Stack History: A Timeline of Pinterest’s Tech Stack Evolution by StackShare

pinterest tech stack stackshare timeline decisions 12 |  Uncategorized | infrasture developmentPinterest now has 335 million Monthly Active Users with more than 200 billion Pins across more than 4 billion boards. It’s hard to believe that Pinterest started out as a small site with a few thousand users back in 2009. But their initial tech stack is part of the company’s DNA and is still around in some form today. Many know Pinterest as a Python shop, but there’s far more to the story. Since early on they’ve had to deal with scaling their site to keep up with their rapid growth.

Over time their data infrastructure and machine learning capabilities became their strongest assets as they scaled to recommending over 4 billion ideas to over 250 million users in 2018. This stack timeline tells a story of one of the fastest growing consumer software companies in history. Find out how they scaled from 0 to billions of pins and inspired hundreds of millions to be more creative.

How we did it

We synthesized dozens of sources (most of which are available on Pinterest’s new Company Engineering Profile) from YouTube, community sites, and Pinterest’s Engineering blog. Each Stack Decision has a link to the original source content if you want to dive in deeper into any of the decisions.

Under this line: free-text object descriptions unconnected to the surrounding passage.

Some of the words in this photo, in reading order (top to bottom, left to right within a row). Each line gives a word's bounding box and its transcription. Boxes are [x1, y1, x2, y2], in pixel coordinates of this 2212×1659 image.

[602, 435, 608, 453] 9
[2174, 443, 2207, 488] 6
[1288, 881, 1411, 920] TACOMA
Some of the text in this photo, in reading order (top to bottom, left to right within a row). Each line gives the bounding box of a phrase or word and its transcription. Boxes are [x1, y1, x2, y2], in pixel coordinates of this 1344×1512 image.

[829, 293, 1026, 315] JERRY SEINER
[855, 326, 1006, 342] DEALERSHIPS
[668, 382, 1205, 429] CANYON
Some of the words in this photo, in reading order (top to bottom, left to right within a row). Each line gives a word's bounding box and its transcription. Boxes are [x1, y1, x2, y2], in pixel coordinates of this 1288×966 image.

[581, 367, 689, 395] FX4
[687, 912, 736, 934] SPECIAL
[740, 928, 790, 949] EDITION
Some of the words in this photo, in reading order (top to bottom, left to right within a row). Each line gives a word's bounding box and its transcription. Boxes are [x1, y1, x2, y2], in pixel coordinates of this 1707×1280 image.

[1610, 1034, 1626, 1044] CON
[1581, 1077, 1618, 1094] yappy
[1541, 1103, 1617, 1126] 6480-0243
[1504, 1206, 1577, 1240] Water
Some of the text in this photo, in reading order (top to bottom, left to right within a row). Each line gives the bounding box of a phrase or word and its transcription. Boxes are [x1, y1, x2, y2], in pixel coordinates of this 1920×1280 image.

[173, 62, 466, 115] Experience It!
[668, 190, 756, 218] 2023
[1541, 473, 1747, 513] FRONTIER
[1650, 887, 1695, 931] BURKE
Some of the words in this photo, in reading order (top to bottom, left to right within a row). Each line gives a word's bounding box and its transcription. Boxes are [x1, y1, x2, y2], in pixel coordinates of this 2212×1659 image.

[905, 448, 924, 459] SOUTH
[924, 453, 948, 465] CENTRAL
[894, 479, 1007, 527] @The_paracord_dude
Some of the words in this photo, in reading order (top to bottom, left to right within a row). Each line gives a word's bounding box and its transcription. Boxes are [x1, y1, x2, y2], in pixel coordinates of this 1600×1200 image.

The original Pinterest tech stack

Pinterest was founded in 2009, and the site launched in closed beta in March 2010. Marty Weiner, Founding Engineer at Pinterest, gave a tech talk where he outlined their initial tech stack which was cobbled together by the 3 founders which was Python, MySQL, and the intial site was hosted on Rackspace.

GOTO 2014 • Scaling Pinterest • Marty Weiner

Mar 2010

The early Pinterest tech stack

In 2011, Paul Sciarra, Co-founder of Pinterest, shared details on their initial tech stack at the time: > We use python + heavily-modified Django at the application layer. Tornado and (very selectively) node.js as web-servers. Memcached and membase / redis for object- and logical-caching, respectively. RabbitMQ as a message queue. Nginx, HAproxy and Varnish for static-delivery and load-balancing. Persistent data storage using MySQL. MrJob on EMR for map-reduce. Marty Weiner, Founding Engineer at Pinterest, also gave some more details on their tech stack early that year outlining more details on their early tech stack. He mentioned that they moved from Rackspace to Amazon Web Services:

GOTO 2014 • Scaling Pinterest • Marty Weiner

Aug 2011

Building User Typeahead for discovery

Using HBase as a storing solution, Pinterest embarked on a journey to improve its typeahead for better discovery thus solving the problem of a slow and unresponsive typeahead. With HBase in place, few things that improved considerably were speed, scalability, fault tolerance, and writeable. To tackle the challenge of Pinners with millions of followers, 2 kinds of schemas stored the contacts: wide schema and tall schema. The new typeahead implementation was markedly faster and registered increase in message sends.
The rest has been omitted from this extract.